A few days ago we posted the Agility at Scale “landing page”. This article summarizes our thoughts and experiences scaling disciplined agile delivery from three points of view:
- Scaling Disciplined Agile Delivery (DAD) to address scaling factors such as team size, geographic distribution, organizational distribution, technical complexity, domain complexity, and regulatory compliance.
- Scaling agile and lean techniques and philosophies across your entire IT department.
- Scaling agile and lean to the entire enterprise.
As you can see at the page we intend, over the next few months, to post many more pages exploring the details. In the mean time, I suspect that you’ll find this page to be an interesting read. Please stay tuned.
We recently posted a new page titled Tool Support for DAD which you may find interesting.
At the end of July I spoke at the Agile 2014 conference in Orlando about what it means to be an agile enterprise. Part way through that presentation I spoke about the differences between producing potentially shippable software, one of the mantras of the Scrum community, and potentially consumable solutions as promoted by DAD. To do this I walked people through what I call the glass of water analogy. Here’s how it went:
I had a glass of drinking water. I took a sip from the glass to verify that the water was clean and the right temperature for drinking. The water was very refreshing and was something that I thought others would enjoy. It was my opinion that this glass of water was potentially shippable. I took another sip and then offered the water to the audience, there was over 200 people in the room, yet nobody was willing to drink from my glass. Shocking! I even singled someone out and tried to bully him into drinking my water (oops, I mean I aggressively marketed the wonderfulness of the water to him). Still, nobody wanted to drink the water. I took another sip and verified that it was in fact still refreshing. It was clear to me that my glass of water was potentially shippable. I could very easily have walked over to anyone in the room and they could easily have drunk from the glass. But everyone chose not to. It was potentially shippable from my point of view, but from the point of view of every single audience member it wasn’t consumable. In a venue where drinks are easily available, not a single person was willing to drink from my water glass (I assume due to a fear of catching my cooties). Had the venue been different, perhaps a desert with no other sources of drinkable liquids, someone might have been interested.
The point is that creating potentially shippable software isn’t sufficient. It needs to be something that people actually want to use, to consume. It must be a true solution that adds real value for them given their current situation. Cootie-laden water isn’t attractive when other drinks are readily available. Similarly, software that is difficult to use compared to other options, that isn’t well supported as other options, or that doesn’t enhance the way that people want to work isn’t going to be very attractive either.
Disciplined agilists focus on producing potentially consumable solutions. High-quality software is clearly part of this, but that software needs to be usable and something that people want to use. It needs to be supported with sufficient documentation.

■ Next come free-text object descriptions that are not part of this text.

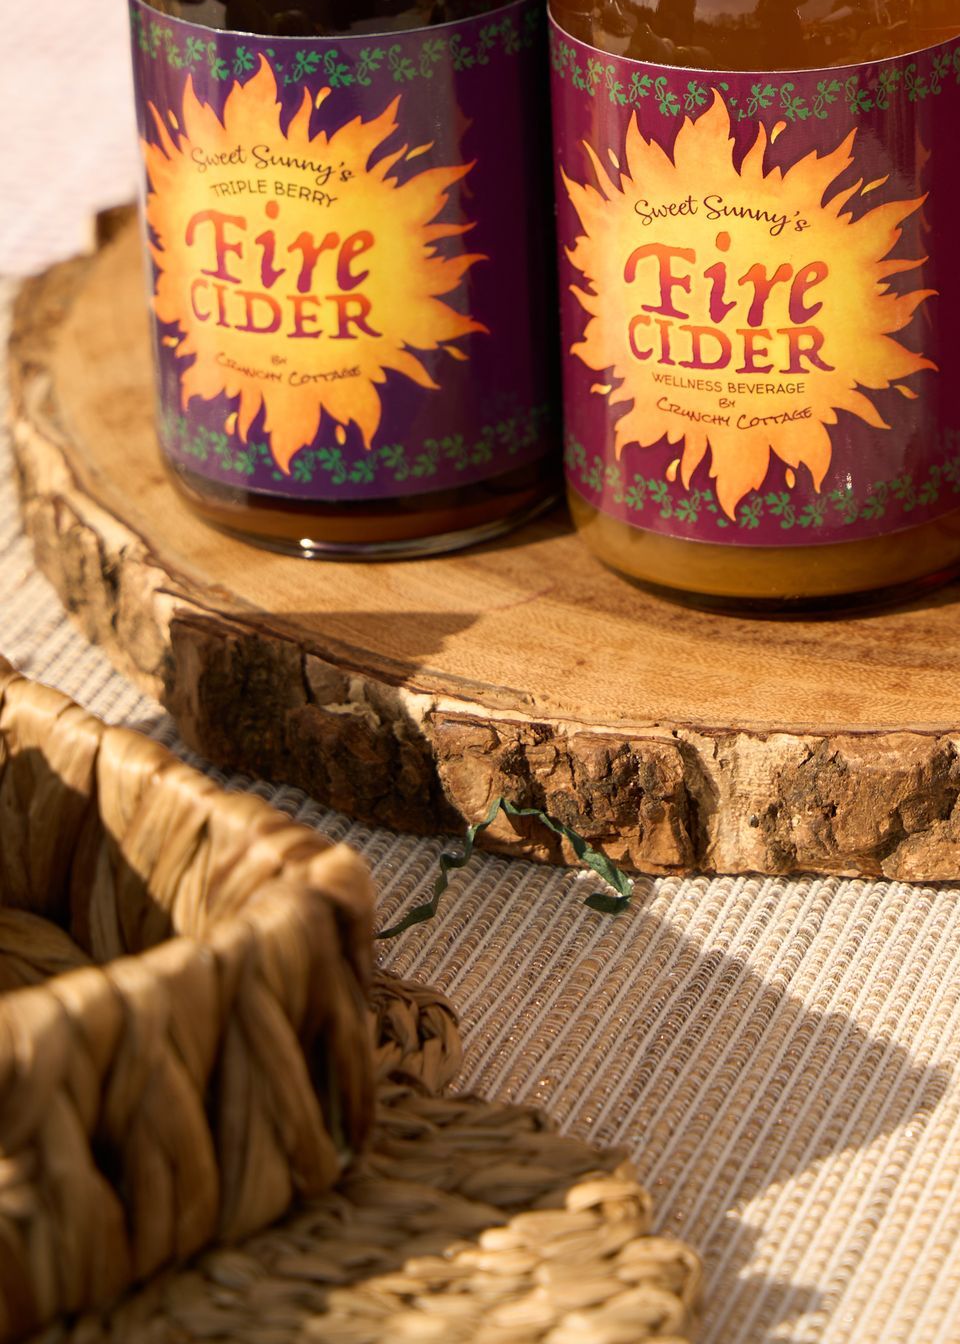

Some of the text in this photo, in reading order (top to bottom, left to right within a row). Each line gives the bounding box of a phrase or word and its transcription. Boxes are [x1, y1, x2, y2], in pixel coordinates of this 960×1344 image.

[190, 145, 355, 186] Sweet Sunny's
[210, 180, 338, 208] TRIPLE BERRY
[634, 194, 811, 236] Sweet Sunny's
[184, 200, 374, 293] Fire
[623, 231, 829, 327] Fire
[190, 279, 382, 340] CIDER
[628, 314, 835, 375] CIDER
[652, 372, 805, 394] WELLNESS BEVERAGE

It needs to be supported with adequate hardware. It may even be part of an overall change to the business process and even organizational structure of the people using that software.
“Potentially shippable software” is a wonderful slogan, but we need to do a lot better than that.
I just posted a session idea for the Toronto Agile and Software 2014 conference. The title of the session is The Disciplined Agile Enterprise: Harmonizing Agile and Lean. The URL for the idea is http://agiletoronto.ideascale.com/a/dtd/The-Disciplined-Agile-Enterprise-Harmonizing-Agile-and-Lean/125226-30411 and I was hoping to get some feedback about it. I gave this presentation a few weeks ago at Agile 2014 to a packed room.
The conference organizers are taking an interesting approach this year by crowdsourcing the CFP process. I think it’s a really great experiment to run, so we’ll have to see how it goes.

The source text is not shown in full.